El viento que soplaba sobre las Montañas del Lamento ya no traía consigo el eco helado de las sombras, sino el aroma fresco del pino y la tierra mojada por la mañana. Lo que alguna vez fue un desfiladero sombrío y hostil se había transformado en un valle verde, donde las flores silvestres cubrían las antiguas ruinas de piedra.
El regreso de Kaito y Luna a la aldea fue una auténtica fiesta.

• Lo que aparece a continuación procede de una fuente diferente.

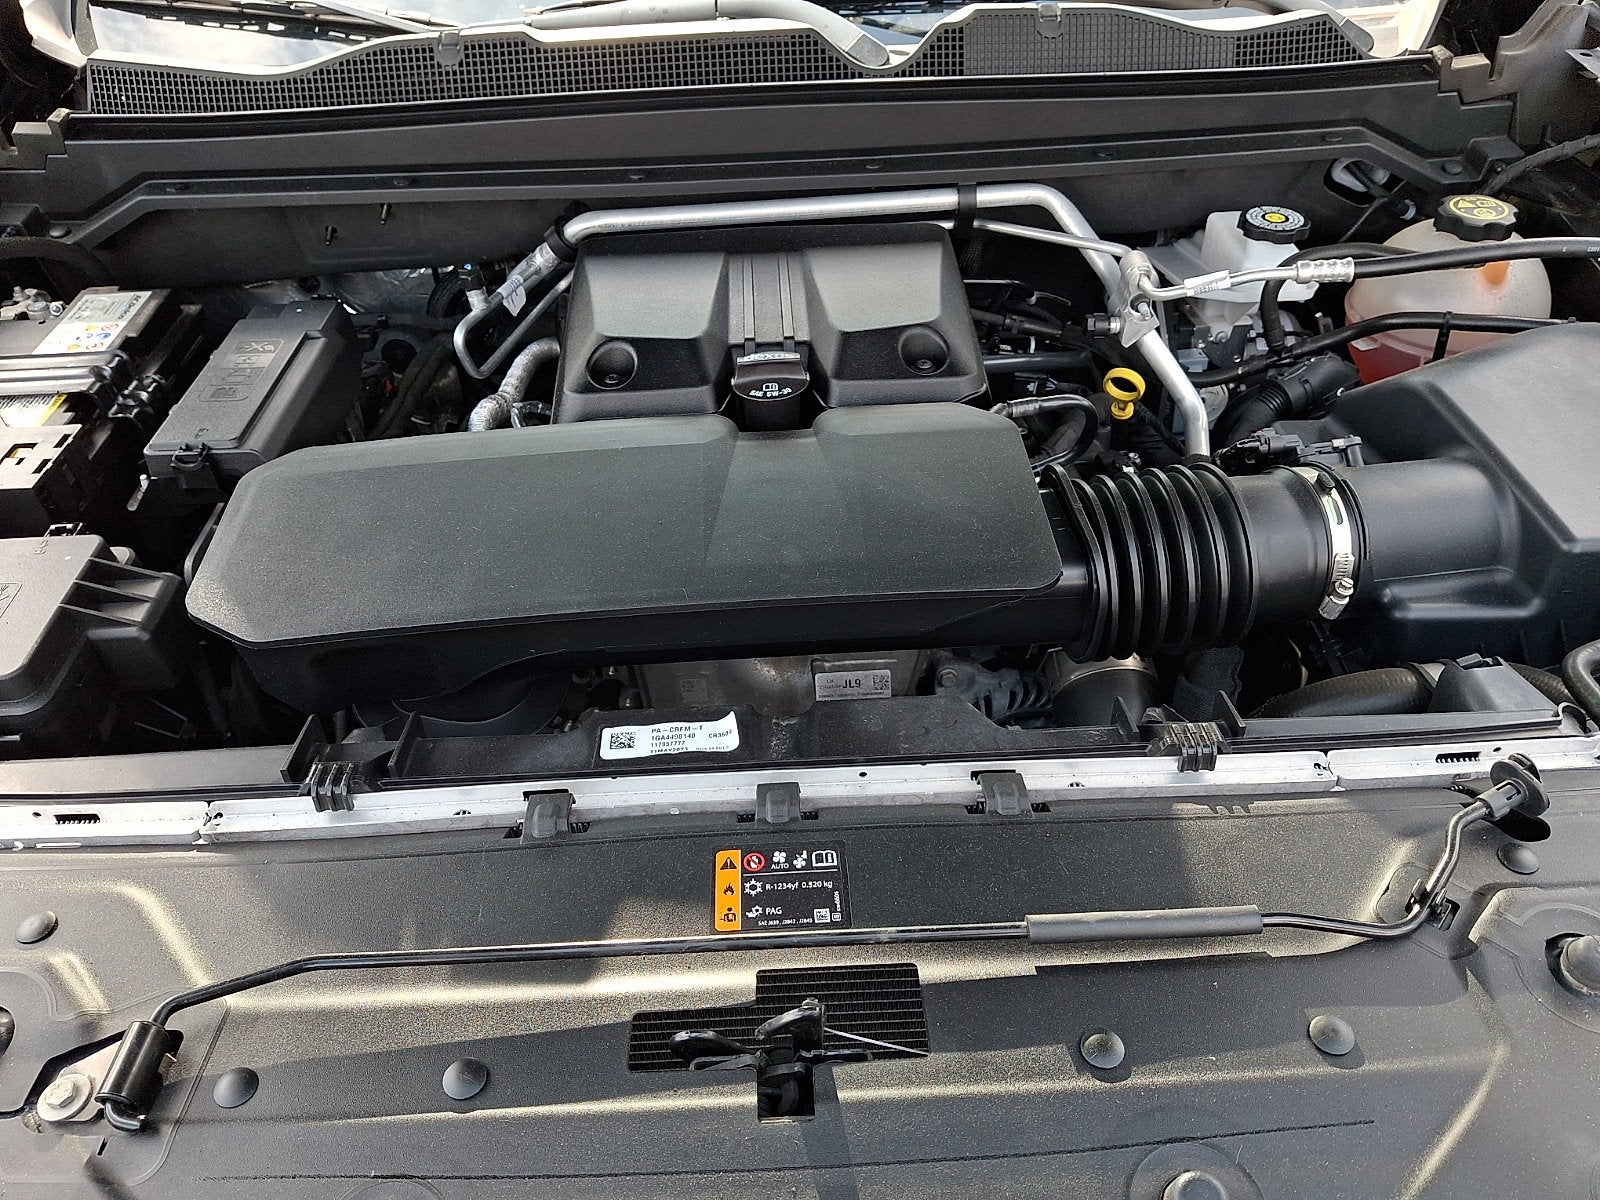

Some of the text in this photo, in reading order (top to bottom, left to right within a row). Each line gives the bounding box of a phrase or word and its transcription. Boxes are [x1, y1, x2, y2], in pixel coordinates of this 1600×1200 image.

Los felinos del refugio salieron a recibirlo entre maullidos de alegría y ronroneos. La Matriarca Maeve, una gata anciana de pelaje plateado y pasos lentos pero firmes, avanzó entre la multitud y se inclinó con profundo respeto ante los dos jóvenes héroes, rozando suavemente su hocico con el de ellos en señal de gratitud.
—Habéis hecho lo que muchos creían imposible —dijo Maeve con una voz grave y llena de emoción—. No solo habéis salvado nuestro hogar de la Sombra Mayor, sino que habéis demostrado que la luz verdadera surge cuando la sabiduría y la fuerza caminan juntas
Luna, con su pelaje blanco reluciendo bajo el sol y el amuleto de luna creciente brillando suavemente en su pecho, dio un paso al frente.

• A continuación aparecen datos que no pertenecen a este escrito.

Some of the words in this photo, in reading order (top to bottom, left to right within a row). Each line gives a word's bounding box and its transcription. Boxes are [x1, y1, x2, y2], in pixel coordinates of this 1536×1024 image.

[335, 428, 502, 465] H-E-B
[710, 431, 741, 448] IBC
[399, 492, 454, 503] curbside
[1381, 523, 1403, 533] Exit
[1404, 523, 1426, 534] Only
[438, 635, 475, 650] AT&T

—Este viaje nos enseñó que la oscuridad solo tiene poder cuando estamos divididos —maulló Luna mirando a la multitud—. Mientras mantengamos la unión y el equilibrio, el reino felino jamás volverá a caer.
Kaito, erguido y con las runas estelares adornando su pelaje como marcas sagradas de valentía, hizo sonar su cascabel con un repique alegre.
—Y si alguna vez la sombra intenta regresar —añadió Kaito con una mirada firme—, sabrá que la Estrella y la Luna siempre estarán listas para proteger este mundo.
A medida que caía la noche, la Gran Fiesta del Sol Restaurado dio inicio en el valle próspero. Abajo, en el prado verde, decenas de felinos se reunían en círculos, frotándose los hocicos en señal de paz, jugando entre la hierba y compartiendo un festín al aire libre. Los ronroneos colectivos resonaban suavemente como una melodía de tranquilidad.
Sin embargo, en medio del bullicio de la celebración, Kaito y Luna se alejaron sigilosamente, subiendo por un sendero serpenteante de piedra hasta la cumbre de la colina más alta del valle.
Desde lo alto del acantilado, el espectáculo era mágico. Abajo se veían las luces doradas de las lusiernagas , mientras que arriba, un cielo nocturno completamente despejado lucía una Luna deslumbrante flanqueada por una Estrella de luz azul e intensa.
Kaito se sentó al borde del saliente, contemplando el valle. Luna se acomodó a su lado, sintiendo el calor de su pelaje contra la fresca brisa de la noche.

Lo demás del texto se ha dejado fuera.